MURDERED BY MUMIA - CHAPTER ONE - THE PREMONITION
from mastalk.com
(Pic from Officer Faulkner's Funeral)
From Maureen Faulkner
We were both excited about the weekend, even though it would be the first in roughly a year of marriage that we would not be together. Danny was happy about his long-planned annual hunting trip; I was anxious to entertain my mother in our home. Every year, Danny would travel about two hundred miles north of Philadelphia via the Pennsylvania Turnpike to reach Sullivan County. He loved to hunt and to spend time with friends, mostly fellow cops like Hugh Gallagher. Hugh's father had a small cabin where he loved to go for a few days at a time. They'd track the deer, probably have a beer or two, and, knowing Danny, I'm sure they'd spend lots of time swapping stories while trekking in the cold mountain air. Danny loved to tell stories. Stories about his work as a cop. Stories about growing up in Philadelphia. Stories about his family. And stories about life in general. I knew I'd miss his company for two nights, but I was also looking forward to my mother's company. My mother was going to make the forty-five-minute drive from where my parents were living in the historic Valley Forge area into the city and, although she had visited our home before, this time she was going to spend the night. I was hoping it would be time spent together doing the things that moms and daughters don't often get to do when a husband enters the picture.

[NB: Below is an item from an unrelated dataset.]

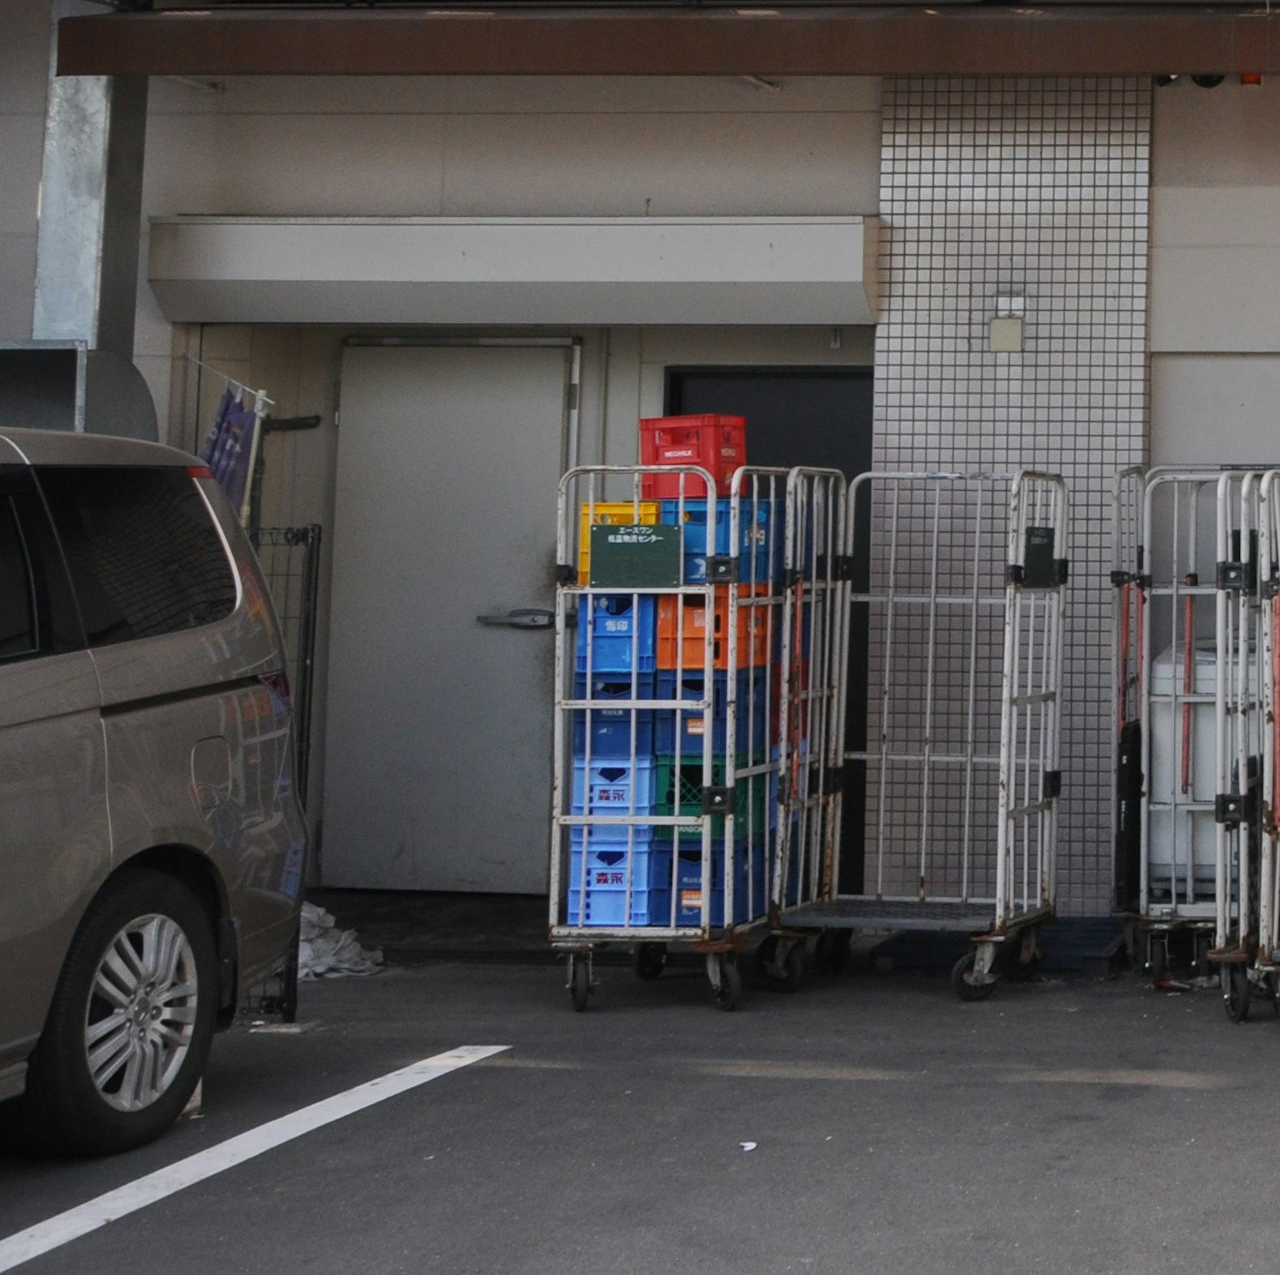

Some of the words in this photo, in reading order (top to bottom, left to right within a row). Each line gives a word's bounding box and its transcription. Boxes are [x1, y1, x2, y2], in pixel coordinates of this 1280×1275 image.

[618, 526, 654, 534] エースワン
[597, 789, 626, 802] 森永
[595, 872, 625, 885] 森永

I was content with my life at that time and wanted very much for my mother to see and experience my surroundings. She was a consummate worrier and I was anxious for her to see that, at age twenty-five and married, I was getting along just fine in the world. I was very proud of the modest, comfortable little house Danny and I called home and I spent time before her arrival making sure everything looked just right. My mother was disappointed that Danny was leaving on his trip before she would arrive. They had a terrific relationship. At first, Mom had been wary of him as my choice of a spouse, not because of who Danny was but, rather, what he did for a living. Police work was dangerous, she often warned, as if telling me something new. But her concerns about his profession soon succumbed to her fondness for the tall, personable, handsome young man with the shy smile I had fallen in love with. Both my parents loved Danny like another son.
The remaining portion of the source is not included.